A group of artists who say they received early access to OpenAI’s Sora video generation model released a version of the tool to the public.
For a brief moment on Tuesday, a group of angry artists shared a tool that allowed anyone to use OpenAI’s officially unreleased Sora AI model, which takes text prompts and turns them into videos.
in a open letter Titled “Dear Corporate Lords of AI,” accompanied by illustrations of figures attacking their middle fingers, the artists wrote that they had been offered early access to Sora to test the product and be creative partners. Instead, they believe OpenAI wanted to use hundreds of unpaid AI artists like themselves in order to “art launder” in an exploitative business model.
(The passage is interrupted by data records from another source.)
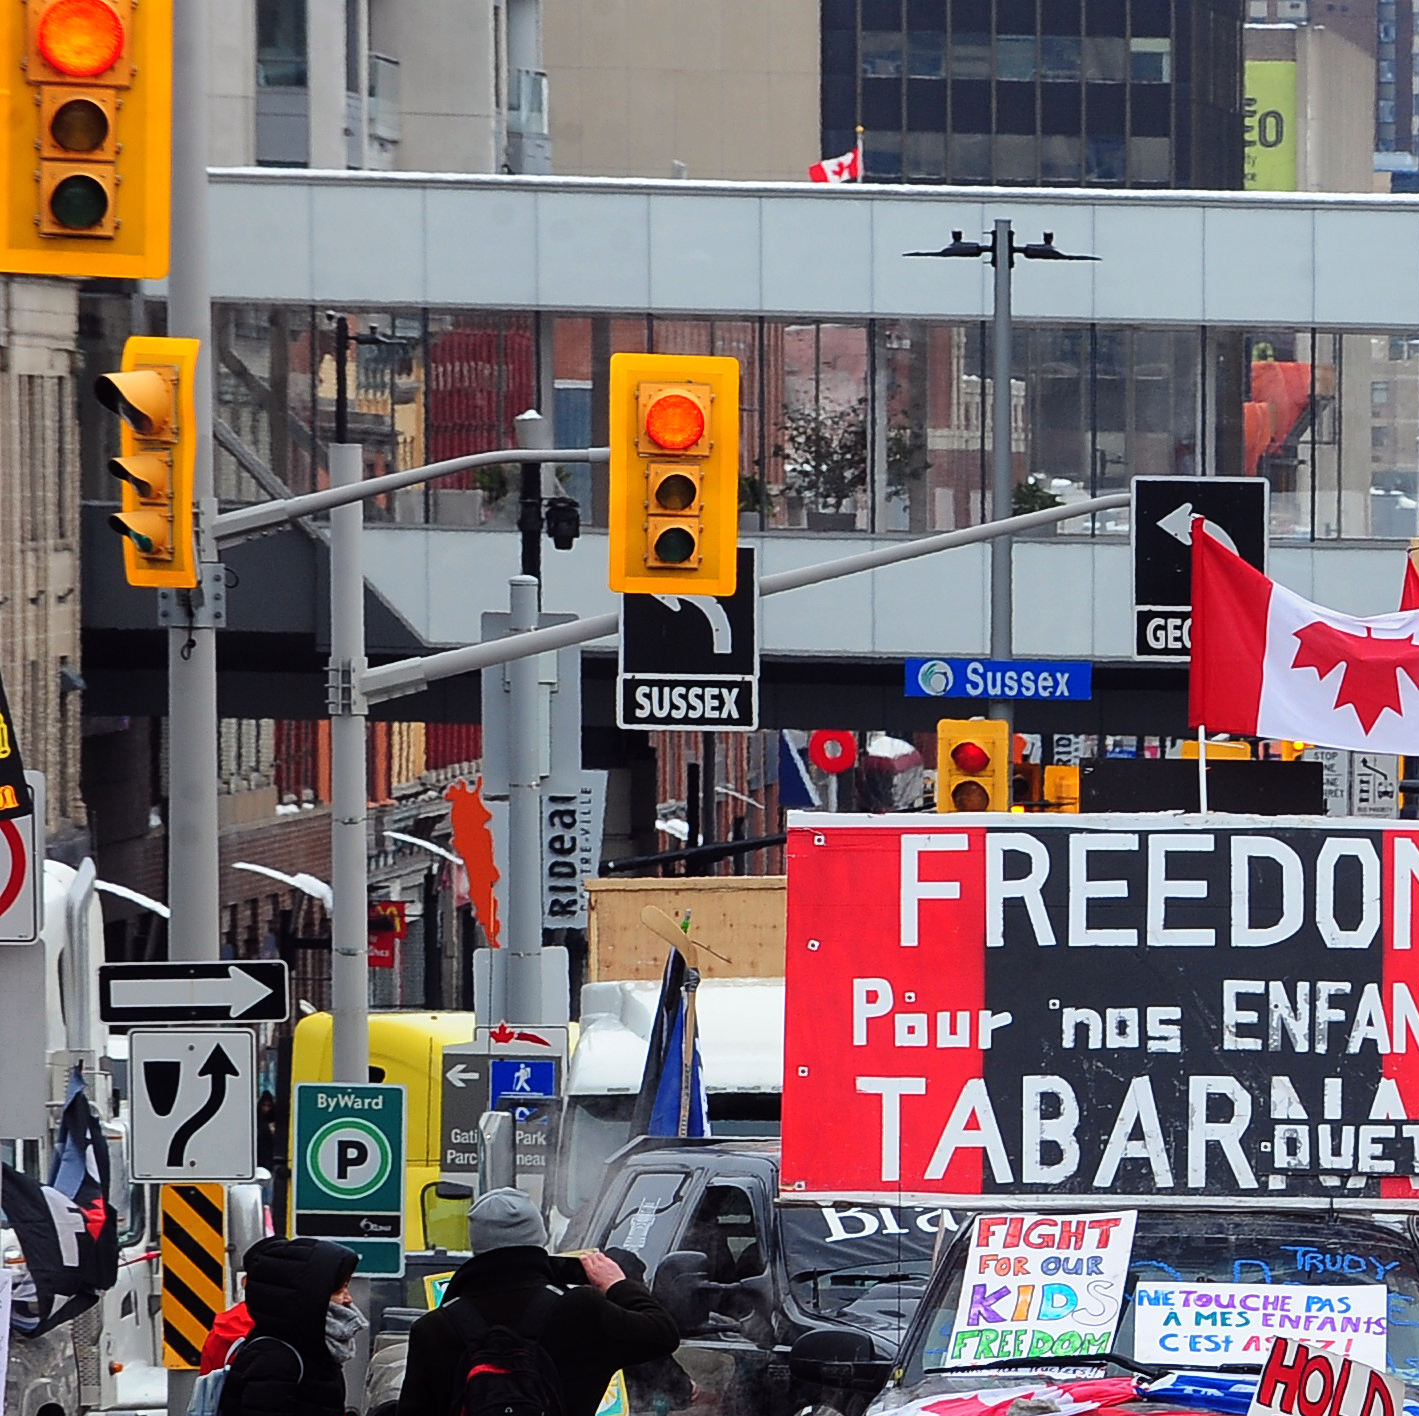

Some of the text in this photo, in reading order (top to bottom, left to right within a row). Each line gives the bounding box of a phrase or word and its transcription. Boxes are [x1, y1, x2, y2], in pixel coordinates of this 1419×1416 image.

[965, 661, 1070, 697] Sussex
[634, 685, 741, 720] SUSSEX
[852, 978, 1013, 1051] Pour
[1061, 1004, 1182, 1054] nos
[317, 1094, 384, 1111] ByWard
[515, 1131, 547, 1145] Park
[336, 1139, 369, 1180] P
[447, 1150, 478, 1165] Parc
[976, 1217, 1122, 1250] FIGHT
[978, 1254, 1105, 1276] FOR OUR
[967, 1280, 1120, 1326] KIDS
[1137, 1289, 1351, 1314] NE TOUCHE PAS
[1162, 1307, 1182, 1327] À
[1194, 1310, 1250, 1328] MES
[951, 1328, 1112, 1360] FREEDOM
“Hundreds of artists provide unpaid work through bug testing, feedback, and experimental work for a $150 billion company’s program,” the group wrote on AI model hosting platform Hugging Face. “While hundreds contribute for free, a select few will be chosen through a competition to have their Sora-created films screened, offering minimal compensation that pales in comparison to the significant PR and marketing value OpenAI receives” .
The letter was written by 16 artists who said they were not opposed to the use of AI as an artistic tool; In fact, many of them are early adopters of AI in their work, but felt the need to protest against early access. program that seemed to be a public relations strategy rather than an opportunity to freely experiment and critique the tool. They said that any video they created using the tool had to be approved by OpenAI before being shared.
“What we disagree with is how this artist program has been implemented and how the tool is being outlined ahead of a potential public release,” the group wrote. “We share this with the world in the hope that OpenAI will become more open, more artist-friendly, and support the arts beyond PR stunts.”
The tool published in hugging face It no longer works and a note added to the top of the letter says that OpenAI has temporarily closed Sora’s early access program for artists.
OpenAI mocked Sora on February 15 with a Web page with videos generated by the model and in a series of tweets from CEO Sam Altman, who posted videos about X that the model generated based on crowdsourced cues. Altman called it a “remarkable moment,” but Sora has yet to be released for use beyond a small group of early testers, some of whom were clearly not enthusiastic about how OpenAI wanted to use their work.
In their letter, the artist group urged their peers to use open source video generation tools and encouraged AI companies to “listen and provide a path to true expression for artists, with fair compensation for the artists”.